Section 10--Commonwealth v. Ex Rel. Unified Judicial System, 733 A.2d 1258 (Pa. 1999): "Deliberative process privilege" held to bar subpeona of former Chief Justice in civil suit for breach of contract arising out of construction and lease of courthouse.

L.J.S. v. State Ethics Commission, 744 A.2d 798 (Pa. Cmwlth. 1999): (en banc): The State Ethics Commission lacks authority to investigate a chief adult probation officer of the Court of Common Pleas because of the State Supreme Court's exclusive authority to supervise the Judicial Branch.

Shaulis v. Pennsylvania State Ethics Commission, 739 A.2d 1091 (Pa. Cmwlth. 1999): Application of State Ethics Act to bar attorney from representation before governmental body for one year after retirement from that body violates the State Supreme Court's exclusive authority to regulate the practice of law. [The court distinguished P.J.S. v. Pennsylvania State Ethics Commission, 723 A.2d 174 (Pa. 1999)].

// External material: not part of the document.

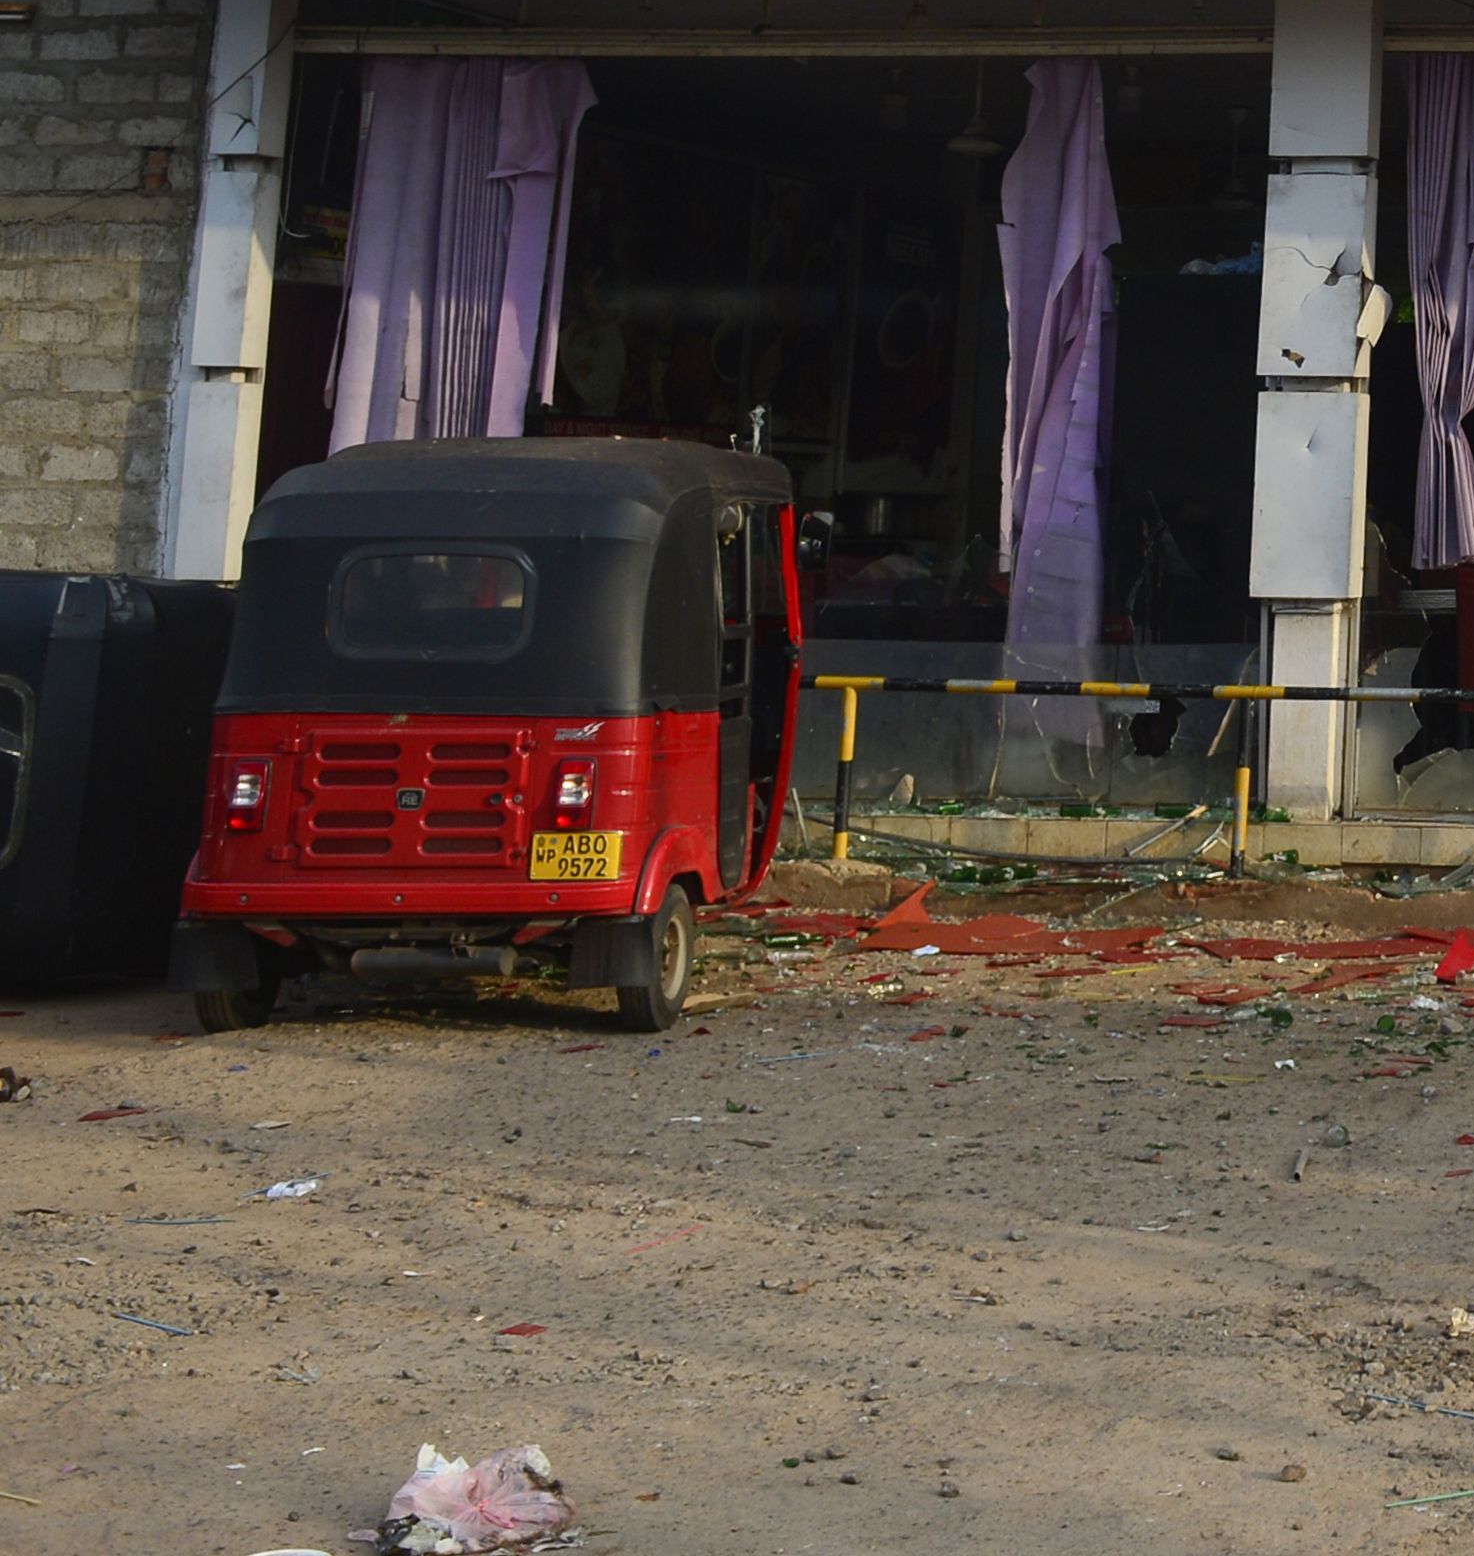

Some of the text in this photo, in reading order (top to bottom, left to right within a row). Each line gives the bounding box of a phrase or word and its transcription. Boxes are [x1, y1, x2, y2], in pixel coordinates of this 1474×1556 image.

[563, 835, 607, 855] ABO
[536, 849, 556, 863] WP
[558, 857, 607, 877] 9572

Section 15--In re Cicchetti, 743 A.2d 431 (Pa. 2000): In the future, court-appointed employees may not participate in judicial retention elections campaigns.

Article VIII:

Section 1--City of Allentown v. MSG Associates, 747 A.2d 1275 (Pa. Cmwlth. 2000): Upholds different tax rate on services than sales against uniformity challenge under Art. VIII, section 1. The Court expressly overrules Commonwealth v. Mercadante, 676 A.2d 1307 (Pa. Cmwlth. 1996).

Section 2--Betsy King LPGA Classic v. Richmond, 739 A.2d 612 (Pa. Cmwlth. 1999): Tournament and related charitable corporation are not institutions of purely public charity exempt from local amusement tax because, although these entities provide funds to federally tax exempt organizations, "the overwhelming majority of revenue generated" go to golf tournament purse.

Wilson Area School District v. Easton Hospital, 747 A.2d 877 (Pa. 2000): Upholds the tax exempt status of the hospital as "entirely free from a private profit motive" because all distributions of surplus revenue were made either with expectation of repayment or in order to increase the efficiency of hospital operations.

Section 8--Giordano v. Ridge, 737 A.2d 350 (Pa. Cmwlth. 1999): Upholds Capital Facilities Enabling Act against challenge that credit of Commonwealth was unconstitutionally pledged-taxpayer petition for review fails to state a cause of action.

Article XI:

Section 1--Bergdoll v. Kane, 731 A.2d 1261 (Pa. June 15, 1999): Constitutional amendment to Article I, section 9, which was approved by the voters on November 7, 1995, held unconstitutional as constituting in effect two amendments that should have been voted on separately. [The Pennsylvania Supreme Court affirmed the opinion of the Commonwealth Court at 694 A.2d 1155 (Pa. Commwlth. 1997).]

Pennsylvania Prison Society v. Commonwealth, 727 A.2d 632 (Pa. Commwlth. 1999): Constitutional amendment to the Board of Pardons provision, Article IV, section 9, which was approved by the voters on November 4, 1997, held unconstitutional as constituting in effect several amendments that should have been voted on separately.